Following the overwhelming response to 2019’s ‘The 1980 Tour’, Midge Ure & Band Electronica are delighted to finally return with the ‘Voice & Visions’ tour, celebrating 40 years since the release of Ultravox’s Rage In Edenand Quartet albums.


You’re finally getting back out on the road with the tour after the pandemic cancelled it not once, but twice. It must be a huge relief to know it’s definitely happening this time?

It was a strange time for all of us. I felt bad as the tour was postponed twice, which was a double whammy, like being kicked when you’re down, but I felt worse for the audience and for the crew. I could survive and still keep myself occupied by being creative in the studio, but the crew in particular were on their uppers, as their entire world had just ground to a halt.

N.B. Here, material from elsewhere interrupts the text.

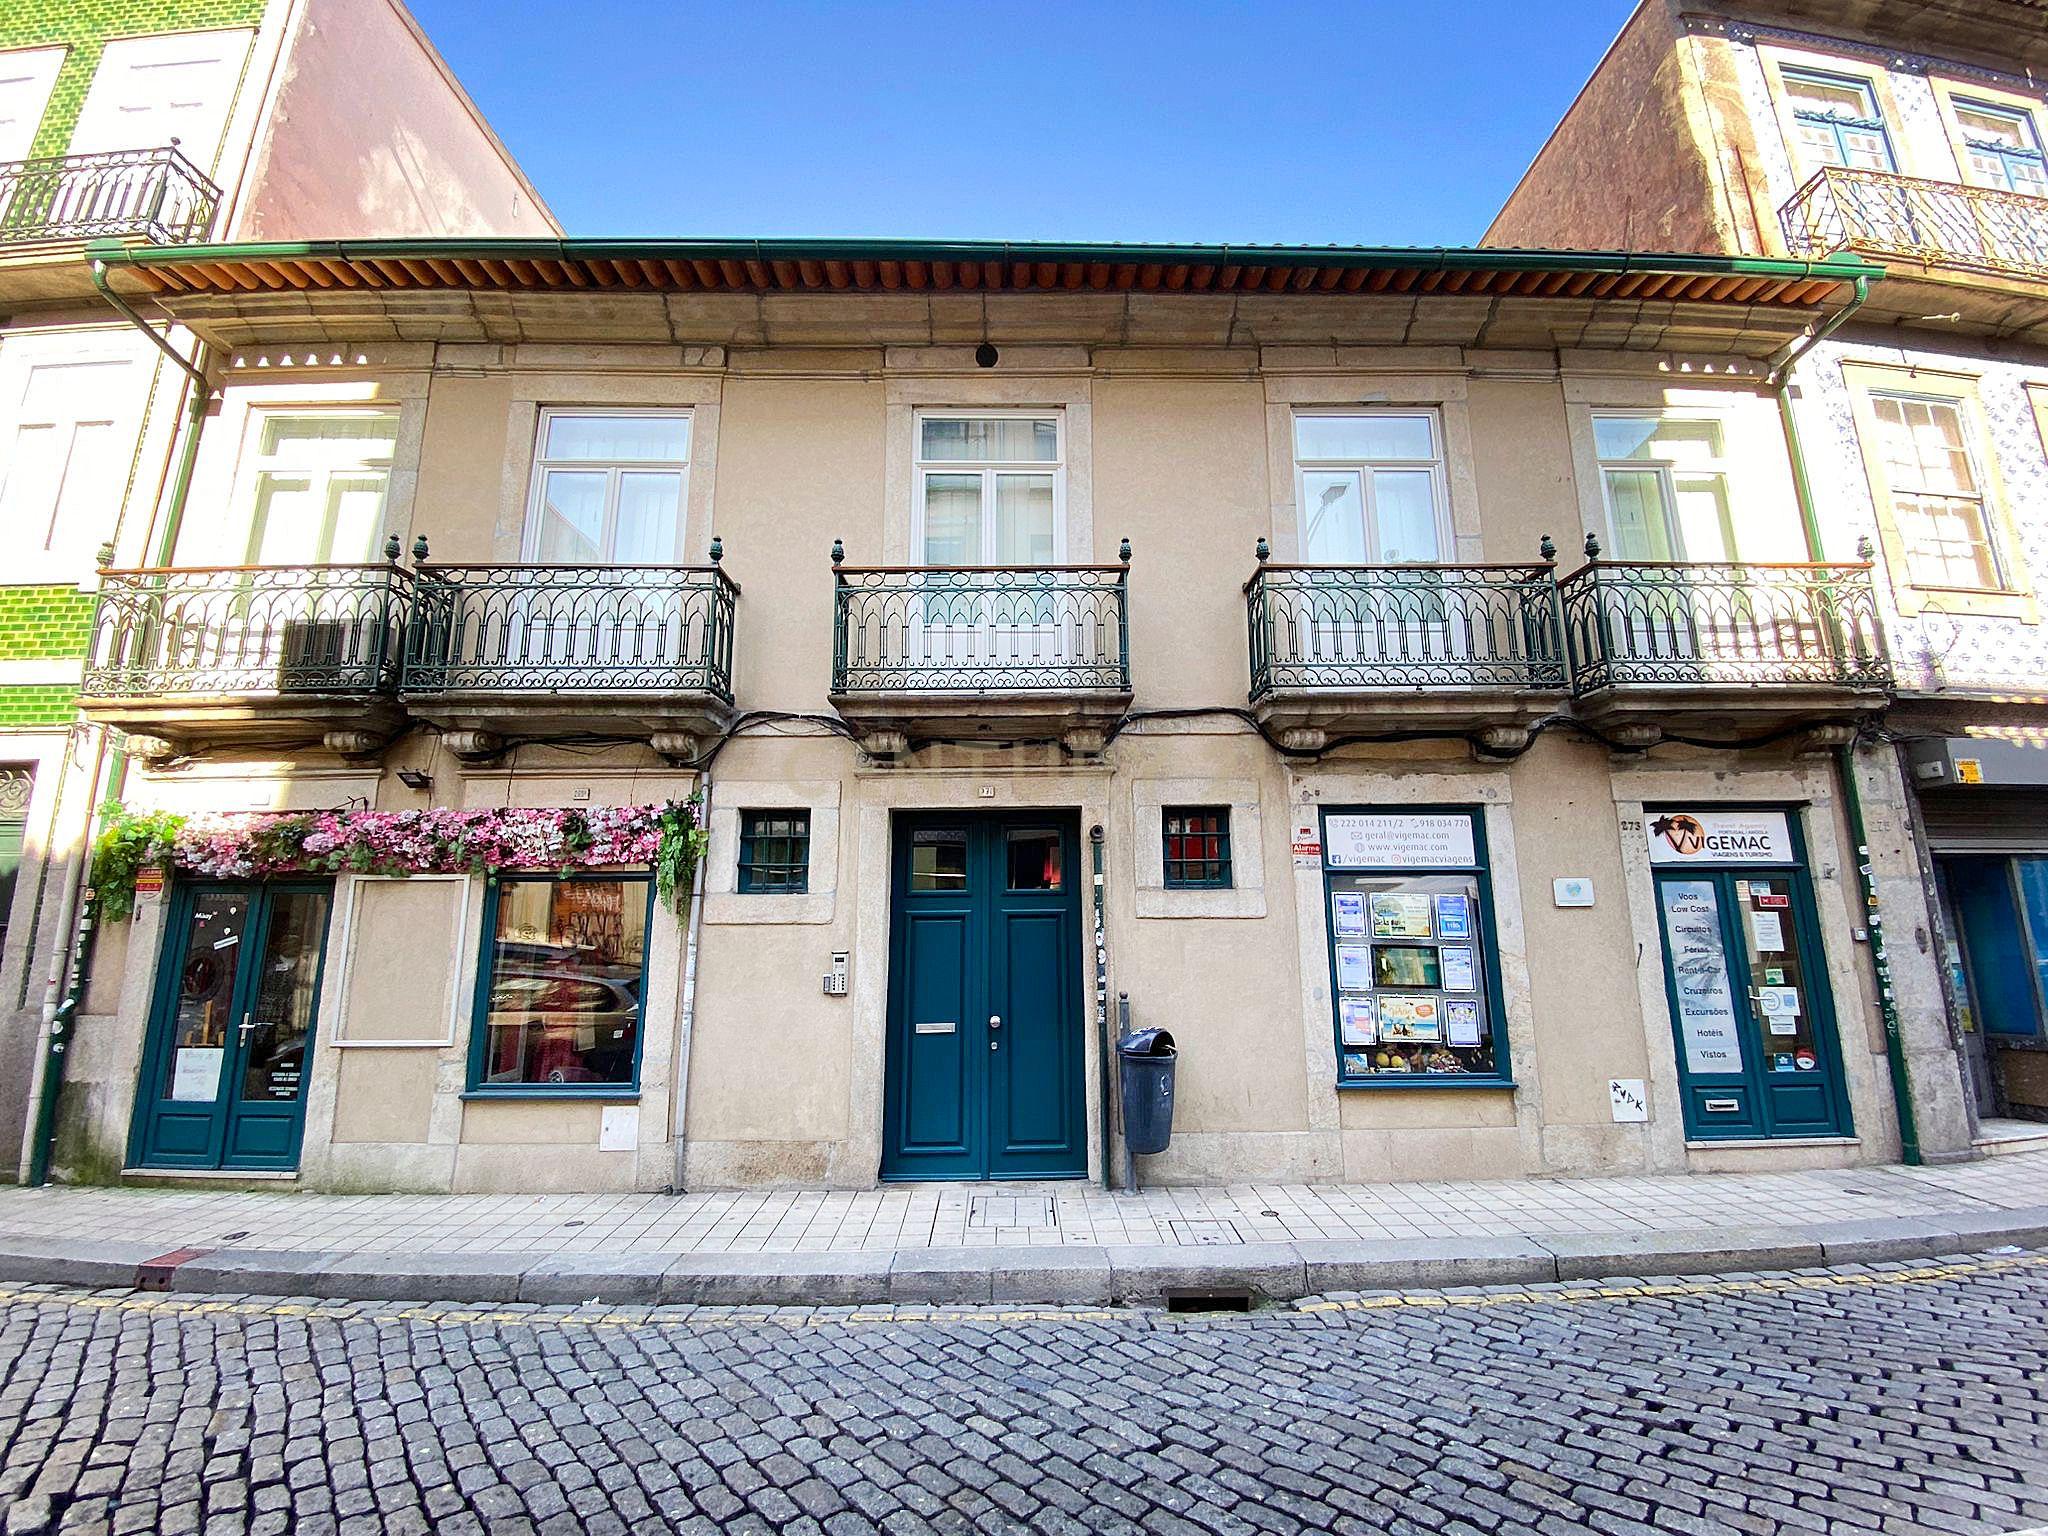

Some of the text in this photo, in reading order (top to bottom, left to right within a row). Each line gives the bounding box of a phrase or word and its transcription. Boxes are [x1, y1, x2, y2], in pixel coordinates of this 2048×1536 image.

Everyone’s diaries had been suddenly cleared the first time, which was hard enough, but then things were happening again and everyone was looking forward to getting back out there again, then all of a sudden it was all gone again. It was horrendous and got to the point we were thinking maybe it won’t ever come back. The idea that performing music could become unattainable was something nobody had ever considered as a possibility as it had never happened in our lifetimes.

Once it did though, we just jumped straight back into it, only for me to discover that my voice was completely gone, as I hadn’t used it for about two years! I had to start all over again and build it back up again. The whole experience really gave me even more of an appreciation of what I already have and what I never thought I wouldn’t have. The day you stop doing what you do, should be the day you choose and not something that’s forced on you.

Ultravox had become actual pop stars almost overnight after Vienna was released. How much freedom did that give you to follow up with Rage Of Eden?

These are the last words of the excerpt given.